§ Your objective: From the first record to the last, write each one out again exactly.

····················

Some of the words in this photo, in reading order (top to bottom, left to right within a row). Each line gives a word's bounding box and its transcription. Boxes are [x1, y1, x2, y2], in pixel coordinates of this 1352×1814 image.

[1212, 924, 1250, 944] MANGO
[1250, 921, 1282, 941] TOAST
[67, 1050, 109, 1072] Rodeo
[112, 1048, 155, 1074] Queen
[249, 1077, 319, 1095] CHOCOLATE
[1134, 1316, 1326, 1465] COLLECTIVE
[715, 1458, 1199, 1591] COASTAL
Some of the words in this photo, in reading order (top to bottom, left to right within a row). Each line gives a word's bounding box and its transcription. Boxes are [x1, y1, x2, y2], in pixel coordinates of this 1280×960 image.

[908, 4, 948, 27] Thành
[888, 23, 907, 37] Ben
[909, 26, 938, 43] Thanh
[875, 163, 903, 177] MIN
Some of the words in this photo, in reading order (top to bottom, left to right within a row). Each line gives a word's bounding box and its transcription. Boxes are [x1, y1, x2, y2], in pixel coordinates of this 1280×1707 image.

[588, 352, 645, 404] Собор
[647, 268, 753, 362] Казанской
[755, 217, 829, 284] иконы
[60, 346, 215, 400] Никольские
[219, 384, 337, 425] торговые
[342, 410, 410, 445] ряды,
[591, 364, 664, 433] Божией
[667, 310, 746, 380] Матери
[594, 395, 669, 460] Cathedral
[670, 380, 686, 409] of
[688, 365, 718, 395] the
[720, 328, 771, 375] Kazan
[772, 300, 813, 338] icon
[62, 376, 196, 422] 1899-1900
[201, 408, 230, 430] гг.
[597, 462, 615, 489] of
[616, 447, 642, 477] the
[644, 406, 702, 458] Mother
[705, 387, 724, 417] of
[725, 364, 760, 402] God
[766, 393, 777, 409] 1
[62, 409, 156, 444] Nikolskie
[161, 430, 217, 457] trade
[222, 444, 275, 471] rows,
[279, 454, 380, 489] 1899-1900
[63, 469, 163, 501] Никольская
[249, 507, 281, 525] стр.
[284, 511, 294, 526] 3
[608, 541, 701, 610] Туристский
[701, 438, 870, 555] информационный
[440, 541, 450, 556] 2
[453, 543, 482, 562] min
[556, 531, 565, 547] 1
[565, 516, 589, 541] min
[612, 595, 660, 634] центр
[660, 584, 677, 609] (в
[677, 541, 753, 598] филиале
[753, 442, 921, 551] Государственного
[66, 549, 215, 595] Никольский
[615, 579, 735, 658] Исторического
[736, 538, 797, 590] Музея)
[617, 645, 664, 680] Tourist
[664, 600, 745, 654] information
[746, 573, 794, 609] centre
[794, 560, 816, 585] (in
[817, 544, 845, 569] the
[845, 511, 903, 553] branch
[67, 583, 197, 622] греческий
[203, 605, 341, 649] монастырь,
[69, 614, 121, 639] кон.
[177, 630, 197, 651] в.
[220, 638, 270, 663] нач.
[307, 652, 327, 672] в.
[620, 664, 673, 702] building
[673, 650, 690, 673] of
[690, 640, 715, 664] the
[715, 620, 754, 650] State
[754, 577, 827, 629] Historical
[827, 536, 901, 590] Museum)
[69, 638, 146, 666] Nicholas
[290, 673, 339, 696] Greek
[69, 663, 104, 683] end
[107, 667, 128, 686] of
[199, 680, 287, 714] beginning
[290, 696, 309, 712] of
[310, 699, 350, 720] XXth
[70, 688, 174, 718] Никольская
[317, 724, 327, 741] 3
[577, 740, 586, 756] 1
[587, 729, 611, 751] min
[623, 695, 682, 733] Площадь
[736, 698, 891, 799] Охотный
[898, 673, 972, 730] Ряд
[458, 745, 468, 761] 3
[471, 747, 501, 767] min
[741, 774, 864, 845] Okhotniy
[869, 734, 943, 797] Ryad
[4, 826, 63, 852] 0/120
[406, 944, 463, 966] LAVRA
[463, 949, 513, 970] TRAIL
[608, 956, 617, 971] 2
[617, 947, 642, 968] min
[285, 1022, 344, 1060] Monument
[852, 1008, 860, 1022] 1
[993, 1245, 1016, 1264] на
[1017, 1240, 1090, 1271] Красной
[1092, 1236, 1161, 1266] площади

····················

§ Exercise response:
Some of the words in this photo, in reading order (top to bottom, left to right within a row). Each line gives a word's bounding box and its transcription. Boxes are [x1, y1, x2, y2], in pixel coordinates of this 1352×1814 image.

[1212, 924, 1250, 944] MANGO
[1250, 921, 1282, 941] TOAST
[67, 1050, 109, 1072] Rodeo
[112, 1048, 155, 1074] Queen
[249, 1077, 319, 1095] CHOCOLATE
[1134, 1316, 1326, 1465] COLLECTIVE
[715, 1458, 1199, 1591] COASTAL
Some of the words in this photo, in reading order (top to bottom, left to right within a row). Each line gives a word's bounding box and its transcription. Boxes are [x1, y1, x2, y2], in pixel coordinates of this 1280×960 image.

[908, 4, 948, 27] Thành
[888, 23, 907, 37] Ben
[909, 26, 938, 43] Thanh
[875, 163, 903, 177] MIN
Some of the words in this photo, in reading order (top to bottom, left to right within a row). Each line gives a word's bounding box and its transcription. Boxes are [x1, y1, x2, y2], in pixel coordinates of this 1280×1707 image.

[588, 352, 645, 404] Собор
[647, 268, 753, 362] Казанской
[755, 217, 829, 284] иконы
[60, 346, 215, 400] Никольские
[219, 384, 337, 425] торговые
[342, 410, 410, 445] ряды,
[591, 364, 664, 433] Божией
[667, 310, 746, 380] Матери
[594, 395, 669, 460] Cathedral
[670, 380, 686, 409] of
[688, 365, 718, 395] the
[720, 328, 771, 375] Kazan
[772, 300, 813, 338] icon
[62, 376, 196, 422] 1899-1900
[201, 408, 230, 430] гг.
[597, 462, 615, 489] of
[616, 447, 642, 477] the
[644, 406, 702, 458] Mother
[705, 387, 724, 417] of
[725, 364, 760, 402] God
[766, 393, 777, 409] 1
[62, 409, 156, 444] Nikolskie
[161, 430, 217, 457] trade
[222, 444, 275, 471] rows,
[279, 454, 380, 489] 1899-1900
[63, 469, 163, 501] Никольская
[249, 507, 281, 525] стр.
[284, 511, 294, 526] 3
[608, 541, 701, 610] Туристский
[701, 438, 870, 555] информационный
[440, 541, 450, 556] 2
[453, 543, 482, 562] min
[556, 531, 565, 547] 1
[565, 516, 589, 541] min
[612, 595, 660, 634] центр
[660, 584, 677, 609] (в
[677, 541, 753, 598] филиале
[753, 442, 921, 551] Государственного
[66, 549, 215, 595] Никольский
[615, 579, 735, 658] Исторического
[736, 538, 797, 590] Музея)
[617, 645, 664, 680] Tourist
[664, 600, 745, 654] information
[746, 573, 794, 609] centre
[794, 560, 816, 585] (in
[817, 544, 845, 569] the
[845, 511, 903, 553] branch
[67, 583, 197, 622] греческий
[203, 605, 341, 649] монастырь,
[69, 614, 121, 639] кон.
[177, 630, 197, 651] в.
[220, 638, 270, 663] нач.
[307, 652, 327, 672] в.
[620, 664, 673, 702] building
[673, 650, 690, 673] of
[690, 640, 715, 664] the
[715, 620, 754, 650] State
[754, 577, 827, 629] Historical
[827, 536, 901, 590] Museum)
[69, 638, 146, 666] Nicholas
[290, 673, 339, 696] Greek
[69, 663, 104, 683] end
[107, 667, 128, 686] of
[199, 680, 287, 714] beginning
[290, 696, 309, 712] of
[310, 699, 350, 720] XXth
[70, 688, 174, 718] Никольская
[317, 724, 327, 741] 3
[577, 740, 586, 756] 1
[587, 729, 611, 751] min
[623, 695, 682, 733] Площадь
[736, 698, 891, 799] Охотный
[898, 673, 972, 730] Ряд
[458, 745, 468, 761] 3
[471, 747, 501, 767] min
[741, 774, 864, 845] Okhotniy
[869, 734, 943, 797] Ryad
[4, 826, 63, 852] 0/120
[406, 944, 463, 966] LAVRA
[463, 949, 513, 970] TRAIL
[608, 956, 617, 971] 2
[617, 947, 642, 968] min
[285, 1022, 344, 1060] Monument
[852, 1008, 860, 1022] 1
[993, 1245, 1016, 1264] на
[1017, 1240, 1090, 1271] Красной
[1092, 1236, 1161, 1266] площади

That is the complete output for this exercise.